Unless I'm mistaken (doubtful), despite the "downsizing" of the convention after the record size it held in 2006, E3 is STILL a big event in the gaming world, so it looks bad when people look over your presentation and realize you spent most of it announcing how the sinking ship Sony is not really sinking. At best, all you're going to get us to think is that its not sinking as fast as we thought it was.

Of course, that's just me speaking on a general level as a gamer. On a more personal level...ugh. I feel like I wasted two hours that could've been spent on my usual ritual of watching Law and Order and back-to-back Scrubs episodes. I'm starting to see what Grant Morrison meant when he said that the world post-9/11 seemed to be obsessed with terror and death and depressing shit of that level. The gaming world certainly is. Too many American games can be narrowed down to games where you're either a criminal dealing with cops, stuck in some post-apocalyptic world, or in an army of some sort. To me, they're starting to all look the same.

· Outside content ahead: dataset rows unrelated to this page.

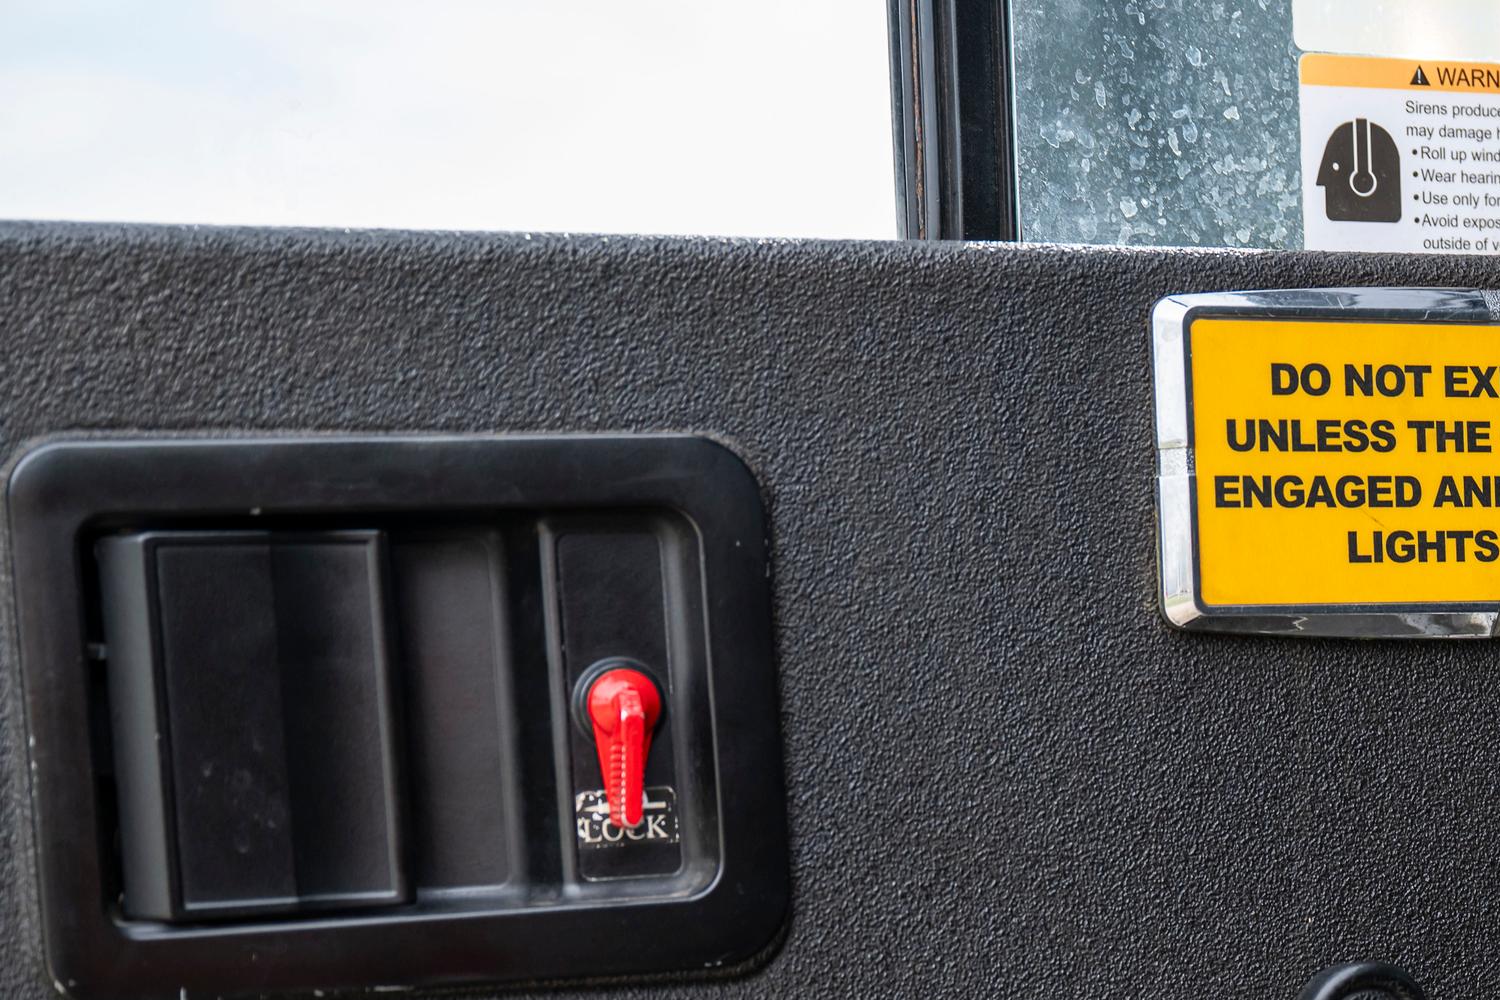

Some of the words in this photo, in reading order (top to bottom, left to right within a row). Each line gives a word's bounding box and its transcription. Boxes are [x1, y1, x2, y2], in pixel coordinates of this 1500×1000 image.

[1406, 101, 1448, 115] Sirens
[1406, 126, 1434, 140] may
[1439, 126, 1492, 142] damage
[1421, 147, 1446, 160] Roll
[1451, 150, 1467, 165] up
[1422, 169, 1457, 184] Wear
[1422, 192, 1448, 206] Use
[1453, 193, 1480, 211] only
[1485, 194, 1500, 207] for
[1422, 215, 1458, 229] Avoid
[1424, 238, 1471, 251] outside
[1476, 238, 1488, 251] of
[1270, 363, 1331, 397] DO
[1344, 365, 1431, 398] NOT
[1225, 418, 1396, 453] UNLESS
[1408, 420, 1492, 453] THE
[1214, 475, 1422, 509] ENGAGED
[1347, 530, 1499, 564] LIGHTS
[584, 815, 668, 843] LOCK
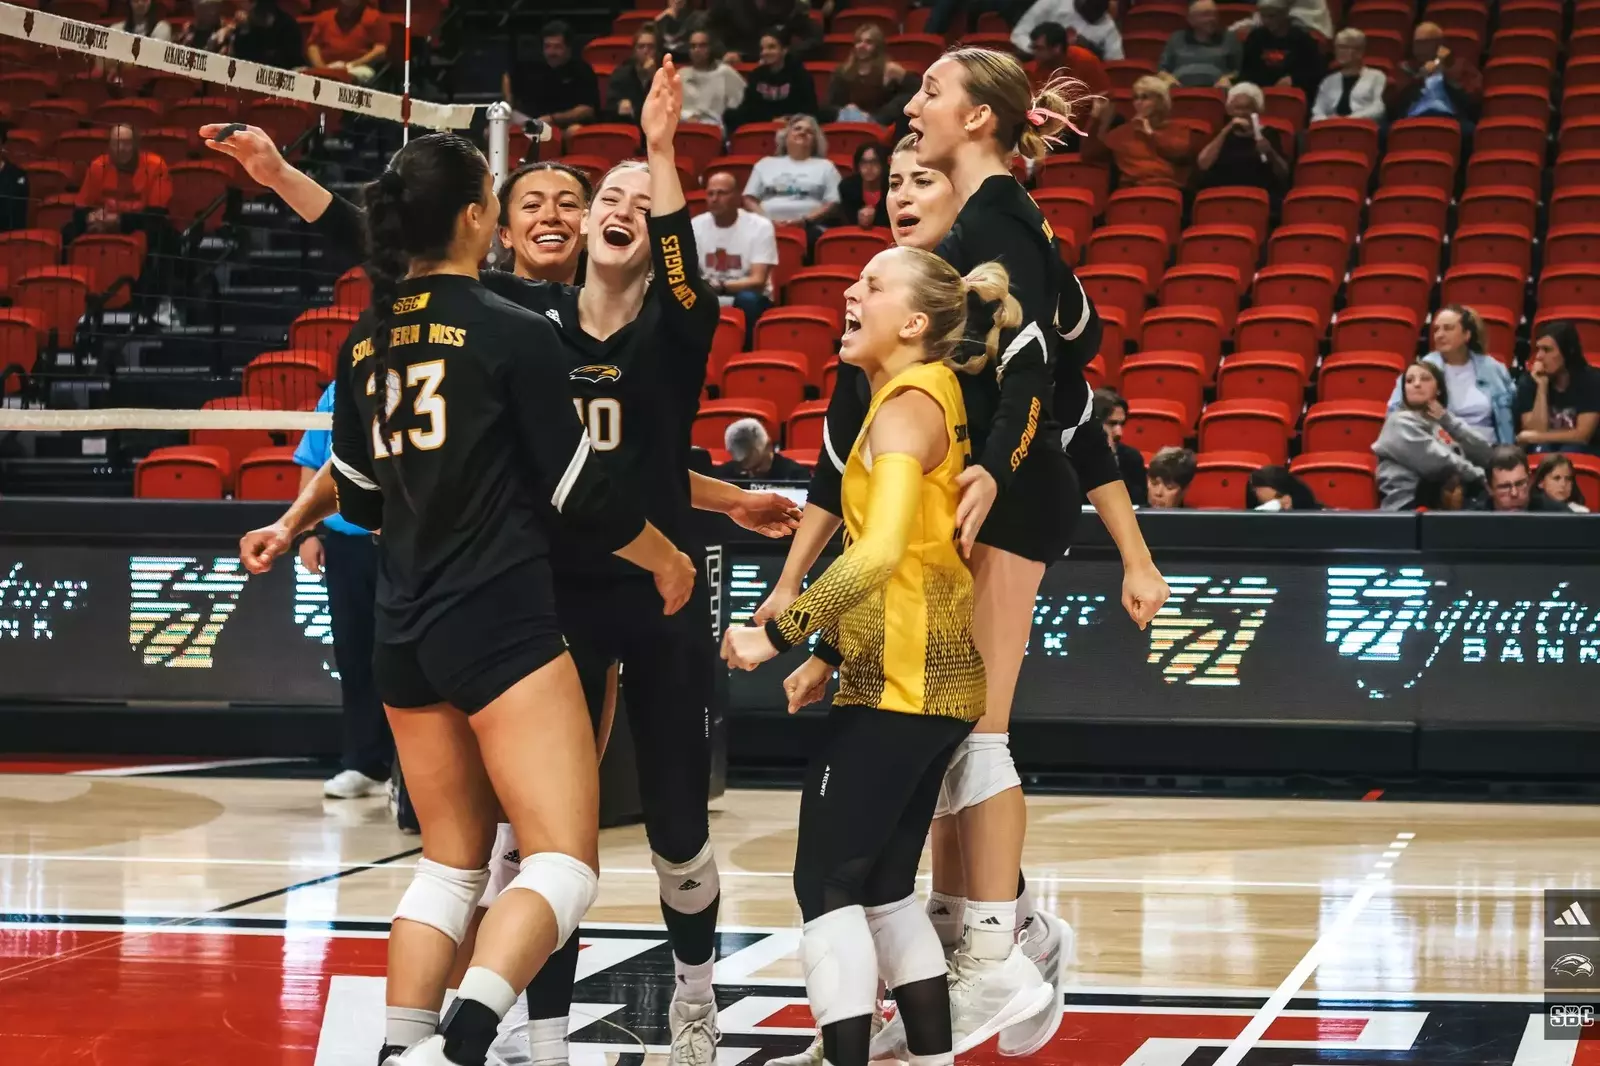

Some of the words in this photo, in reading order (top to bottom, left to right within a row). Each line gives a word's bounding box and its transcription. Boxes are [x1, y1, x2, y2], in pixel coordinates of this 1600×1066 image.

[164, 46, 190, 67] ARKANSAS
[194, 53, 208, 72] STATE
[660, 234, 686, 285] EAGLES
[393, 296, 421, 314] SBC
[352, 324, 421, 367] SOUERN
[428, 323, 467, 347] MISS
[366, 358, 447, 459] 23

The only game I saw that really interested me was inFamous, and even that one kicks the story off by blowing up a big chunk of the city you start in and leaving the entire game world in utter chaos. Know what we call that (technically, at least)? Yup. A post-apocalyptic world. At least with that one though you're given the chance to play Hero and clean up the place. Still. One wonders why we, as a country, seem to be so obsessed with fighting not just a losing battle, but a battle we've technically already lost. Is it representative of our country's record in wars for the past half-century? Or are we, in some sort of weird, hive-mind fashion, collectively preparing for/predicting the future as a culture? (That thought disturbs me, greatly.) I'm not sure, but I will say I don't care to take any sort of great part in it.

(By the way...for those who are curious, I'm commenting on Sony's only not merely because that's the only presentation I caught. I've never been a fan of the idea of Microsoft in the console world, and Nintendo by and large is seemingly doing its best to abandon any hardcore gamers outside of their first-party titles, nearly all of which have already been released.)

The only other game I saw that actually grabbed me was DC's new MMO, but the problem with that game and even the idea behind it...is really best left for another column.

The other problem with Sony's presentation was that mainly, it seemed to focus on merely what was coming out this year, purposely leaving us to wonder about "Year 3 and beyond" for the PS3's release cycle, even going so far as to point out that some of the better games on the PS One and PS2 came out after the first two years of their releases. Again, it would be a good idea but given how many games they seem to only get because they're multi-platform, and how many exclusives the competition seems to be stock-piling, it reads more like a hopeful smoke screen, leaving Sony loyalists (and, by "loyalist" I just mean anybody who went to the trouble of giving Sony the exorbitant amount of $$$ the system costs) to hope that the next few years for Sony will be better than the one we're having now. A more cynical person (not me, but I was cynical once so naturally the thought occurred to me) might even think Sony themselves are thinking the same thing.

In the end, I think I'm going to end up more satisfied by the announcements at the Tokyo Game Show in October. (I hope.)